Non si può penso, di questi tempi neppure più parlare di lettori e non si può più nemmeno parlare di libri. Non esiste più qualcuno che si isola col suo libro in mano e nonostante l’immensa proliferazione dei libri, si fa fatica a trovarne uno che ci chiami zitto zitto. Non solo ma nessuno di noi, in questo angolo illusorio di mondo, riuscirà più, come me, a leggere tutto quanto è arrivato a possedere. Una sconfitta grava sulle mie spalle, e sulle tue. Sulle nostre. Abbiamo anche ormai difficoltà a disfarci di quello che possediamo. Lo smaltimento di noi stessi. Eppure dovremmo cominciare subito. Innanzi tutto smettendo di comprare. Che parole impopolari le mie. Avrò tutti contro. Ma sento necessario un gesto con cui cominciare a invertire la rotta. Ti devi prima fermare e poi girare su te stesso. Non si tratta di tornare nel punto da cui si è partiti, quanto invece di capire che ne è stato nel frattempo dei luoghi delle persone delle cose che abbiamo messo da parte come se ci fosse poi un’altra vita in cui utilizzare tutto quello che abbiamo stipato in noi, come se dovessimo affrontare un viaggio interstellare di decine e decine di anni luce.
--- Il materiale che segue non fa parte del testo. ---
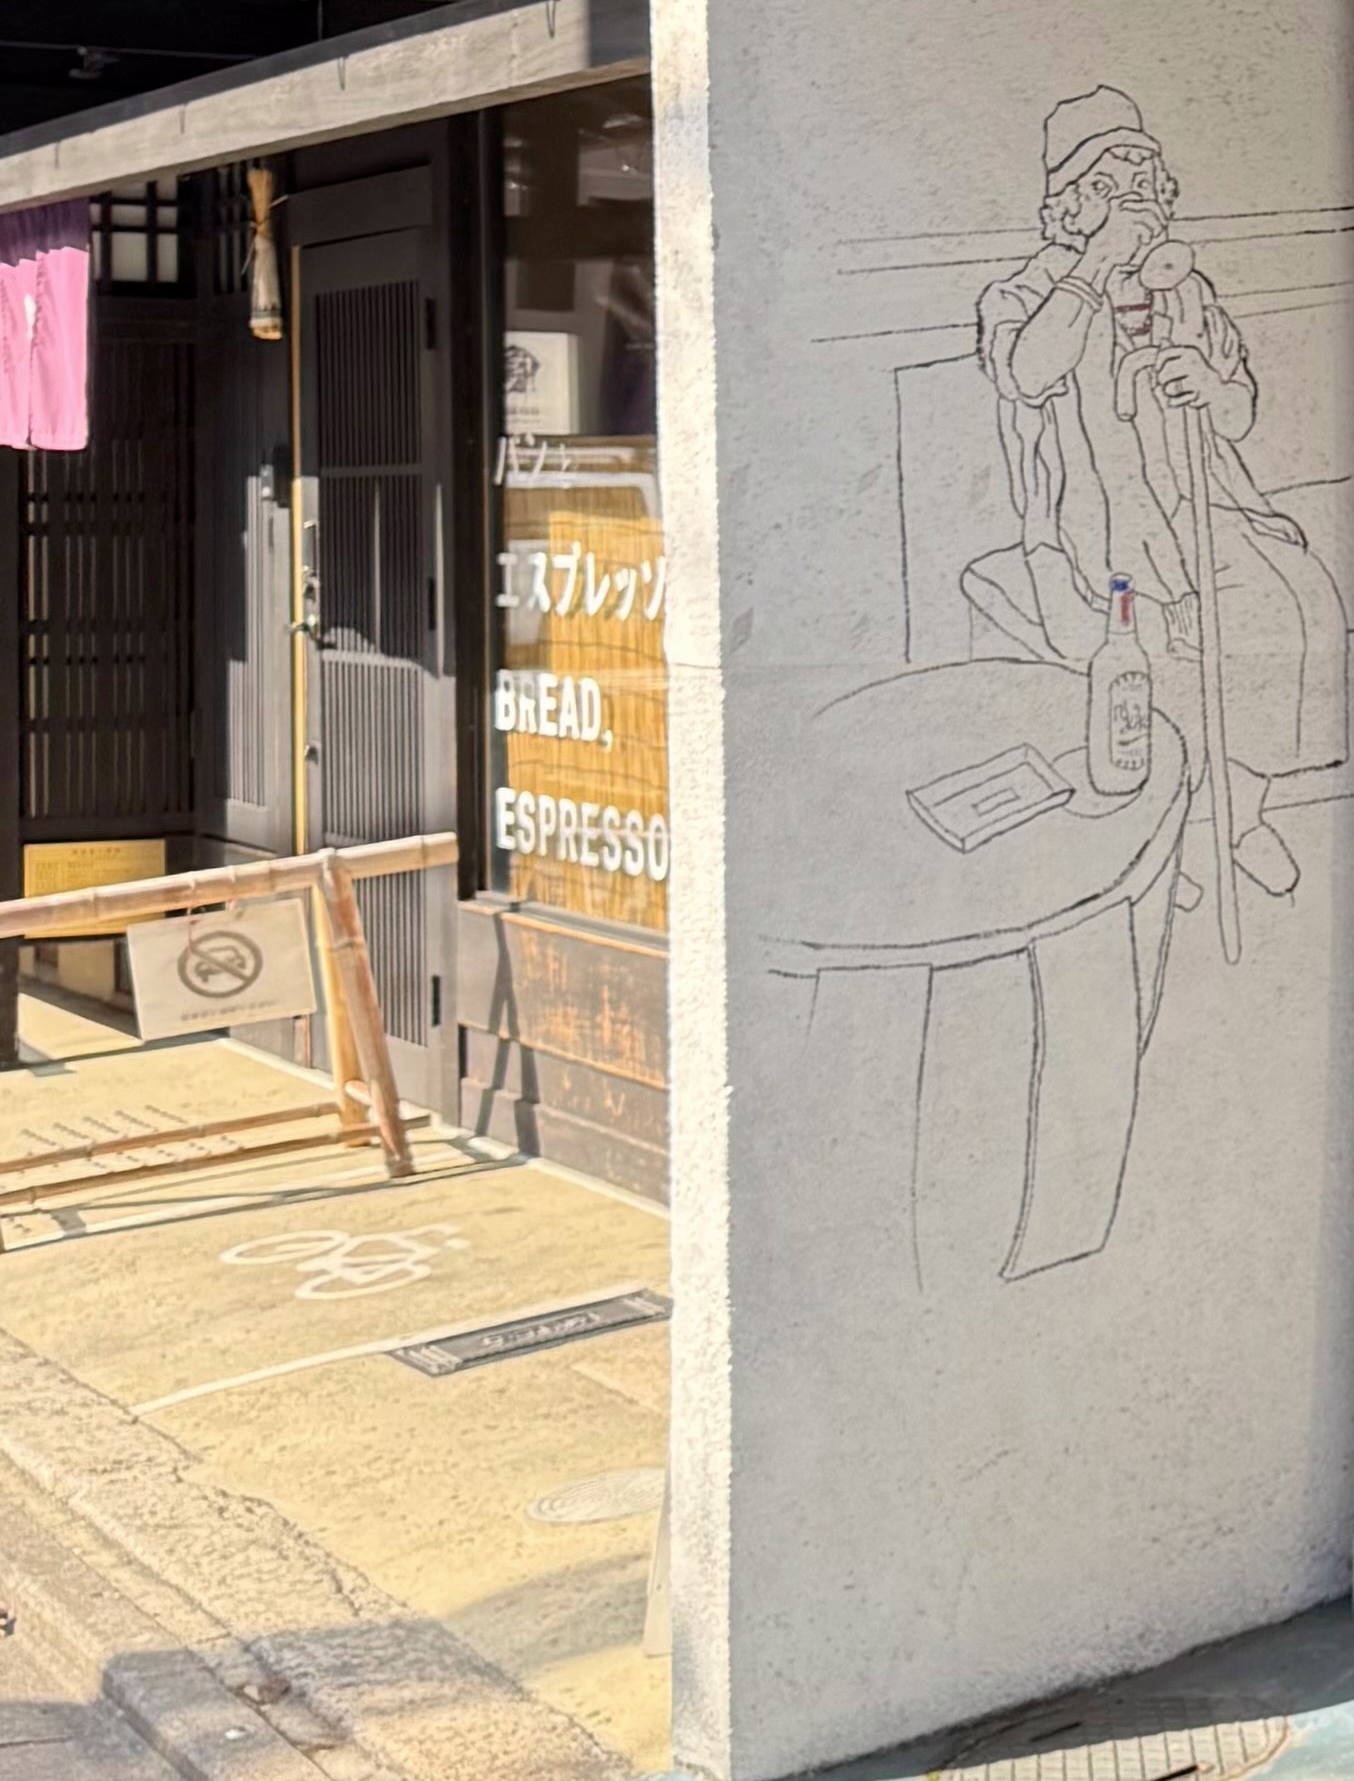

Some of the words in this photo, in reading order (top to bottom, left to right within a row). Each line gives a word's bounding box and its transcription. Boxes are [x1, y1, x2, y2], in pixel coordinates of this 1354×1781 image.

E’ una smobilitazione ed è il poco quello che mi sembra utile cercare in me. Ma anche il gioco salverei. La capacità di stare insieme a qualcuno condividendo una passione una motivazione un bisogno. Bisogno! Ecco la parola magica che fa vacillare tutto nel momento in cui la pronuncio. Che, di bisogni, noi qui non ce ne abbiamo proprio più. Apparentemente. Io, per esempio, ho bisogno di silenzio per capire qualche cosa di me. E lo cerco nelle Chiese e lo cerco davanti al computer e aprendo Word. Ho bisogno anche di fare spazio, di vuoto ho bisogno, e di tenere questo vuoto vivo per un po’, forse tutto il tempo che mi rimane. Ho bisogno di spogliarmi della mia identità ingombrante e di godere invece della difficoltà di cui sono venuta a capo. Se togliere è stata spesso la mia esigenza, questo togliere è diventato una priorità.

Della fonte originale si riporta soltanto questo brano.